Robert Plutto, the AC Hotel’s general manager, said he believes that Gainesville is becoming more and more of a destination but that it could use “some unique and modern hotels.”
The AC Hotel is connected to The Standard apartment complex next to the University of Florida, with the hotel’s main entrance on Northwest 14th Street. It will have 10 floors, 144 rooms, a rooftop pool, a rooftop bar, a lobby bar and a fitness center.
“There’s not a hotel that will be like it in the market,” Plutto said. “It gives people a luxury outlet to choose from that may have not been there before in the past.”
Gainesville’s growth as a destination is one of the main reasons the AC Hotel is being built, he said.
“The area is rented at 75 percent occupancy,” Plutto said, “and any time you run at 75 percent occupancy, typically you look to build new hotels because that means there’s a demand.”

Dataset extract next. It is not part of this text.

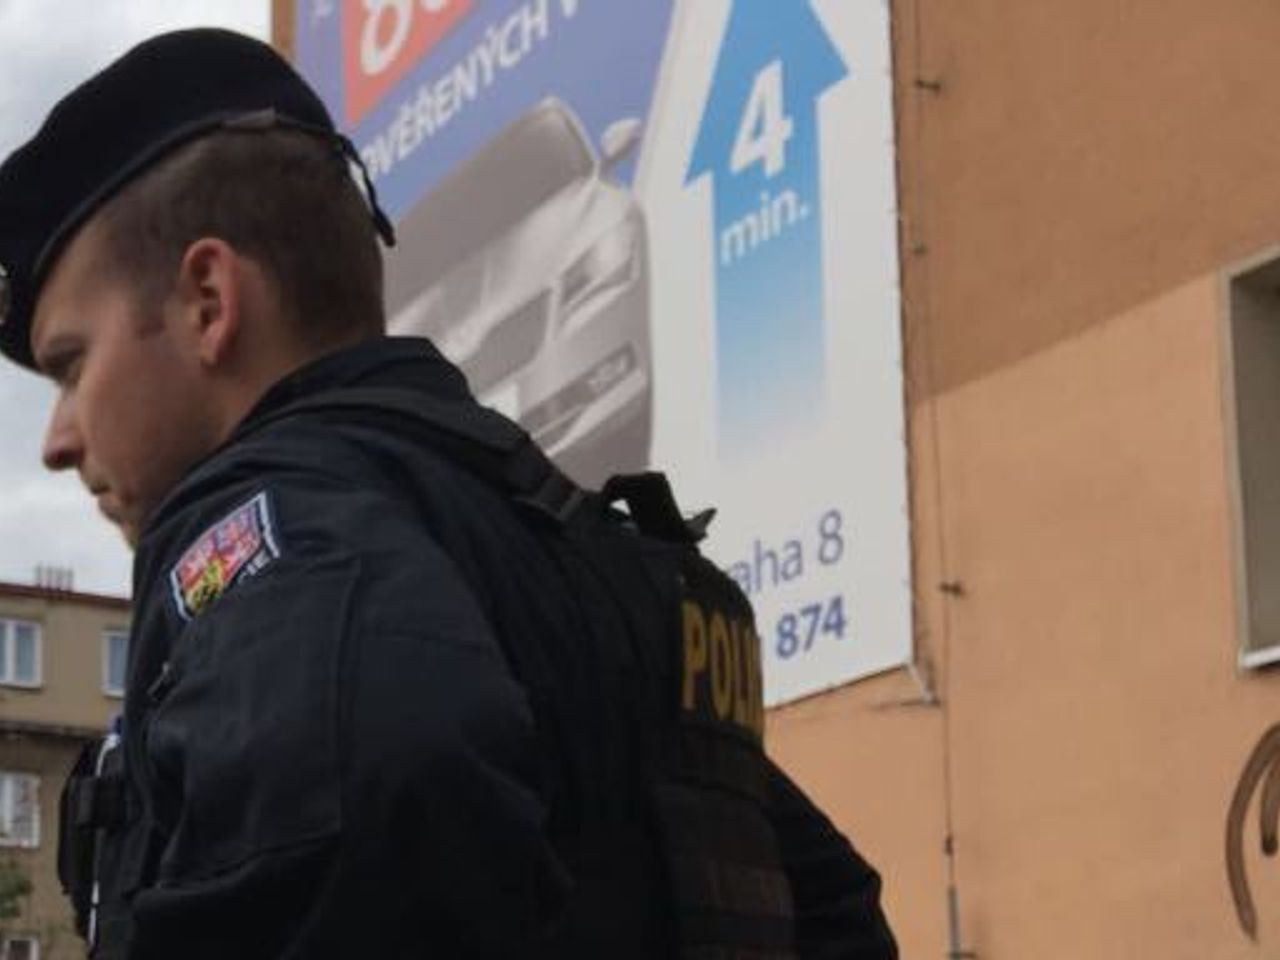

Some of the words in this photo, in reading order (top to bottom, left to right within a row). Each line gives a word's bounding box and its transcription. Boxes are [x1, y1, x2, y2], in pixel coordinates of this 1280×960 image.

In other words, Plutto said, three-fourths of Gainesville’s hotel rooms, on average, have an occupant at any given time. The typical average is 70 percent, meaning Gainesville’s demand is high, he said.
As such additions pop up, Gainesville resident Jay Jordan wrote in a Facebook discussion that he hopes city officials will simultaneously improve public infrastructure. For example, he said, streets and roads need to be repaved and even built new for efficiency.
“I’m from up north and moved here two years ago, and it seems as if a 5-year-old did the mapping for the streets,” Jordan wrote. “No interconnectivity between streets within city. The worst traffic I have ever seen and it’s a really simple fix.”
But city Commissioner Adrian Hayes-Santos said he doesn’t think that Gainesville’s present roads are ill-equipped to handle traffic from visitors.
“I think our city’s infrastructure meets the needs for these hotels,” he said in a phone interview. “I don’t think there will be any adverse effects with the addition of the hotels.”
Nevertheless, the city is always looking for ways to improve, Hayes-Santos said. For example, he said, the city is hoping to work toward lessening traffic on main roads, such as Southwest 20th Avenue, Northwest 34th Street and Archer Road.
On the hotels, Hayes-Santos said he sees them as representative of Gainesville advancing as a place for those looking to get away.